Switzerland

Wie Banken Geld mit Covid-19-Krediten verdienen

Das KMU-Kreditprogramm soll primär Unternehmen mit Liquidität versorgen und nicht den Banken neue Ertragsquellen eröffnen. Diesem hehren Grundsatz leben nicht alle Banken nach. 

Die Banken können die vom Bund garantierten Kredite bei der Schweizerischen Nationalbank als Sicherheit hinterlegen. Im Gegenzug stellt die SNB ihnen Liquidität mit gutem Zins zur Verfügung.

Die Banken können die vom Bund garantierten Kredite bei der Schweizerischen Nationalbank als Sicherheit hinterlegen. Im Gegenzug stellt die SNB ihnen Liquidität mit gutem Zins zur Verfügung.

Arnd Wiegmann / Reuters

Das am 26. März lancierte KMU-Kreditprogramm des Bundesrats hat sich als Erfolg erwiesen. Nach dem Prinzip «Die Banken zahlen, der Bund garantiert» haben die Banken bisher über 120 000 Covid-19-Kredite (bis 0,5 Mio. Fr.) mit einem Gesamtvolumen von 13,4 Mrd. Fr. an kleine und mittlere Unternehmen vergeben. Für Covid-19-Plus-Kredite (über 0,5 Mio. Fr.) liegen 440 Anträge mit einer Kreditsumme von 1,3 Mrd. Fr. vor. Die in Rechnung gestellten Zinsen sollen die Banken für ihre Umtriebe entschädigen – nicht mehr.
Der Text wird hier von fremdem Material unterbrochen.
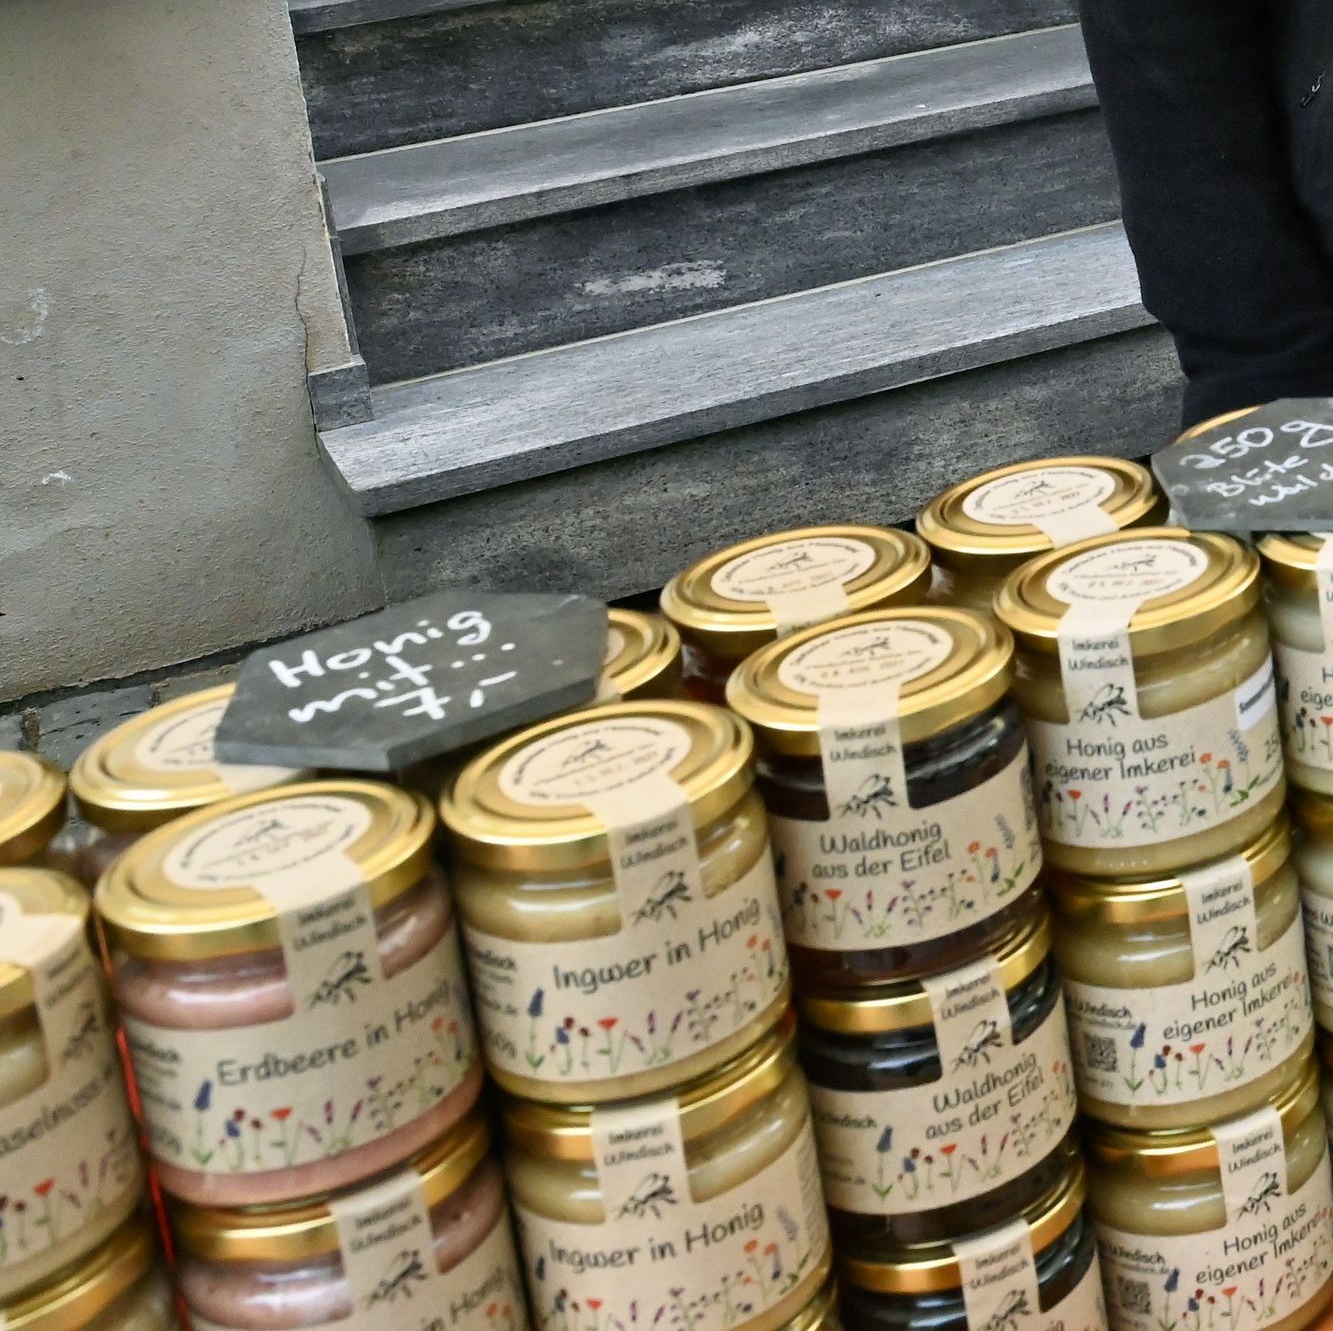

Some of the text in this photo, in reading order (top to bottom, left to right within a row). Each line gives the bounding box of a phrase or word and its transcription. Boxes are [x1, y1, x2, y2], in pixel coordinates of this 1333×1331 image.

Denn der Zweck des Programms ist es, Unternehmen rasch und unkompliziert Zugang zu liquiden Mitteln zu verschaffen und nicht neue Ertragsquellen für die Banken zu erschliessen.

Risikolose Erträge

Diesen hehren Vorsätzen zum Trotz: Einige Banken, so muss man annehmen, verdienen mit dem Programm gutes Geld. Warum? Um sicherzustellen, dass Banken beherzt und ohne Liquiditätssorgen den Kredithahn öffnen, können sie die vom Bund garantierten Kredite bei der Schweizerischen Nationalbank (SNB) als Sicherheit hinterlegen. Im Gegenzug stellt die SNB ihnen Liquidität zur Verfügung – ohne fixe Laufzeit, betragsmässig unlimitiert und zu einem Zins von –0,75%.

Oder anders gesagt: Jedes Mal, wenn die Banken bei der SNB Bares abholen, kommen sie in den Genuss eines Zinsertrags von 0,75% auf der bezogenen Liquidität, die sie dann an KMU weitergeben. Wer verdient heute schon risikolos eine Zinsmarge von brutto mindestens 0,75% im Kreditgeschäft?

Ein Haken

Die Sache hat allerdings einen Haken. Die SNB zahlt den Banken die Liquidität nicht aus, sondern schreibt sie ihren Girokonten gut. Überschreitet der Kontostand eine für jede Bank individuell festgelegte Freigrenze, wird ein Strafzins von 0,75% fällig – wie gewonnen, so zerronnen. Die Rechnung geht also nur für Banken auf, die auch nach dem Bezug zusätzlicher SNB-Liquidität ihre Freigrenze nicht überschreiten.

Wie viele Institute in dieser komfortablen Lage sind, lässt sich nicht eruieren. Fest steht lediglich, dass 70% des Kreditvolumens von den beiden Grossbanken und den Kantonalbanken vergeben wurden. Weil UBS und Credit Suisse bekanntgegeben haben, allfällige Gewinne aus dem Programm zu spenden, dürften die Profiteure in erster Linie im Kreis der Kantonal- und Regionalbanken zu suchen sein.